The distribution planning module allows for an enterprise to optimize their distribution network and manage the complexities of the supply chain. The distribution planning module is also exception driven, in that the software application includes the necessary hooks to interface with the exception management system, as well as organizing a functional data collection and presentation in accordance with the defined organizational model. The inventory planning module 320 and distribution planning module 322 may communicate with the demand management module 306 through a wide area network 326. Similarly, the inventory planning module 320 and distribution planning module 322 may communicate with each other through the same wide area network thereby ensuring the demand management module 306 remains apprised of development arising therefrom. In an alternate embodiment, the inventory planning module 320 and distribution planning module 322 may communicate with each other through a devoted network.
In terms of the demand planning methodology, the number of items for which demand planning must be performed often range from a few thousand items, to several hundreds of thousands and, in some cases million of individual products. As a result, there are many users of demand management systems who have responsibility for specific sets of items from a planning perspective. Since demand planning is a collaborative process, there are other users as well who must be involved in the process to collectively evaluate demand. These other users include a large number of different individuals belonging to different functions, regions, and subsidiaries, both within and without the enterprise, depending on the type and form of business organization. This multiple user aspect reflects the fact that the demand planning system implements an organizational model that permits the distribution of the demand planning processes, as well as the consolidation, from various perspectives in the organization.
A collaborative and consensus forecasting will be described in connection with an arbitrarily defined consumer products business. The initial step comprises generation of the nodal points of a corporate (business) organization as shown in
Since businesses are often distributed geographically, a geographic metric is created that structures the business on a geographic scale. This may be done on either a store level, for example, or a point-of-sale level. Geographic structure may view the “world” in terms of countries, states within those countries, regions within a state or country, and by “outlets” within a region. As a result, geographical structures may be expressed in terms of geographical metrics, taking in to account shipping times, availability, etc, in the decision making process.

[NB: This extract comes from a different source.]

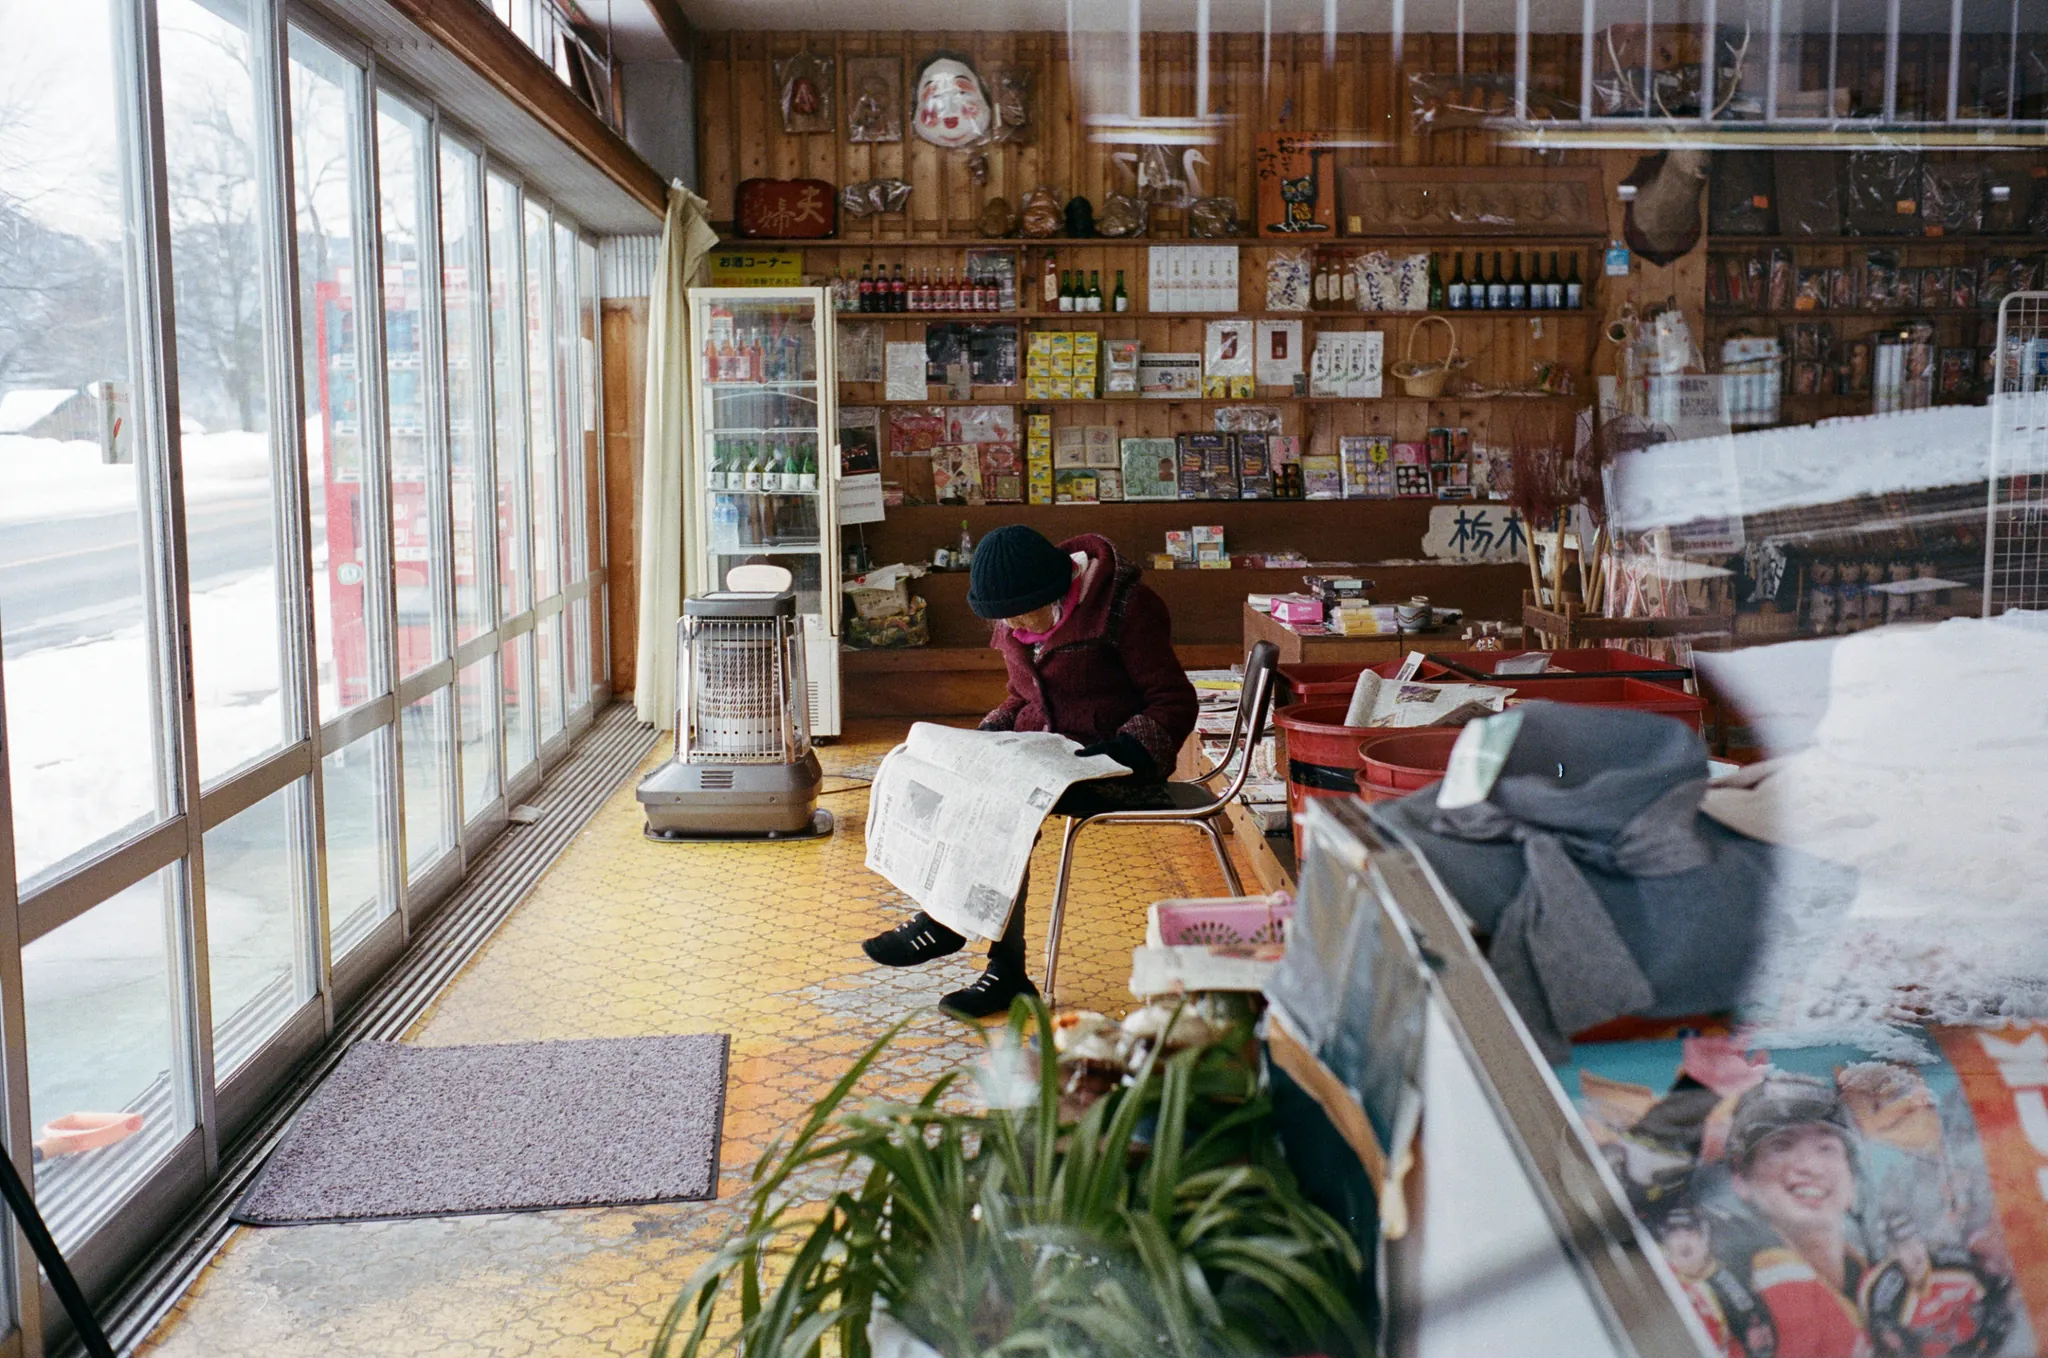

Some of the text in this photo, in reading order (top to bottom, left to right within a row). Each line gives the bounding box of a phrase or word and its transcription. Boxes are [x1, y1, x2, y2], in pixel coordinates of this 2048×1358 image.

[719, 256, 792, 268] お酒コーナー

Evaluating these factors allows creation of an organizational structure by identifying people to organizational nodes. An enterprise will often have a marketing organization with a responsibility scope, which corresponds to the product dimensions. Thus, the business organization is modeled in terms of its product line offerings by individual association. Also, a marketing department is often organized on a geographic basis, as is a consumer product business' operations group (district managers, store managers, department managers and product line managers, for example). Each of these individuals have particular responsibilities within their product line, product group, category, and geographic area.

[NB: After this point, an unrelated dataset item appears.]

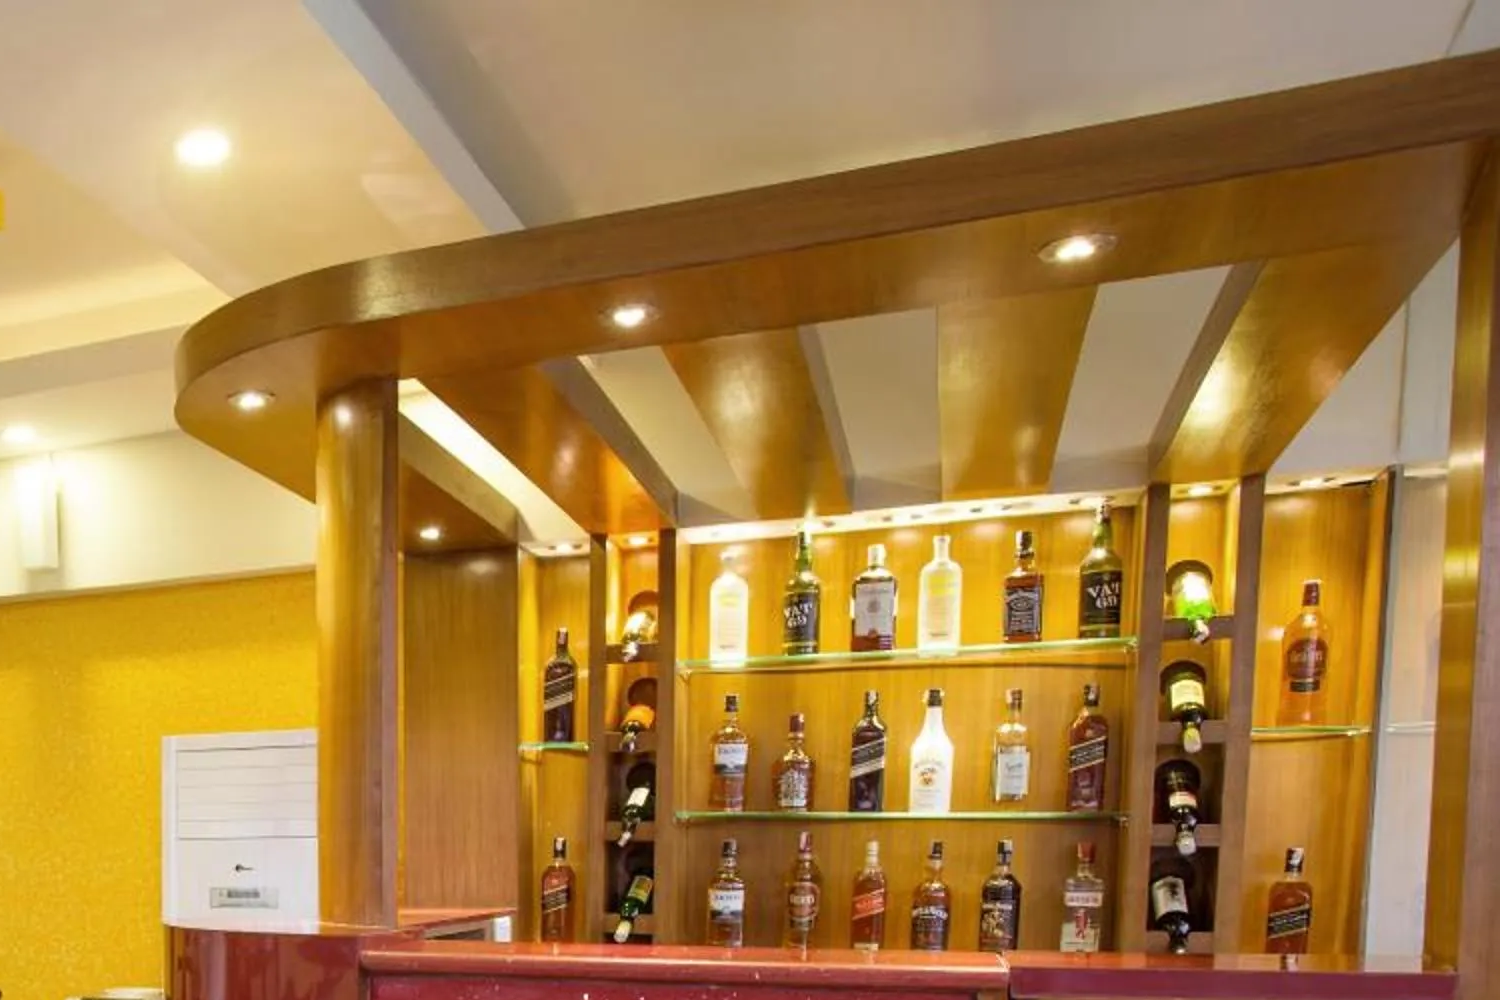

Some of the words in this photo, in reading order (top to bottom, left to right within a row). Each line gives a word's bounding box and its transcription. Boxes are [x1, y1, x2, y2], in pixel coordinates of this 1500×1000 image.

Once the structural organization is defined, a time dimension is created which sets the planning periodicity, and the basic data measures are defined along with their input (creation) sources. Basic data measures include such factors as sales history (at any level of granularity), store forecast, on-hand inventory, projected inventory, allocated inventory, safety stock, committed forecast and consensus forecast. Necessarily, these data measures are those performance metrics with which any business entity would be most concerned. They will vary from business to business, but will almost always be associated with elements of cost (fixed and/or variable), work-in-process, and profit, appropriate to that enterprise.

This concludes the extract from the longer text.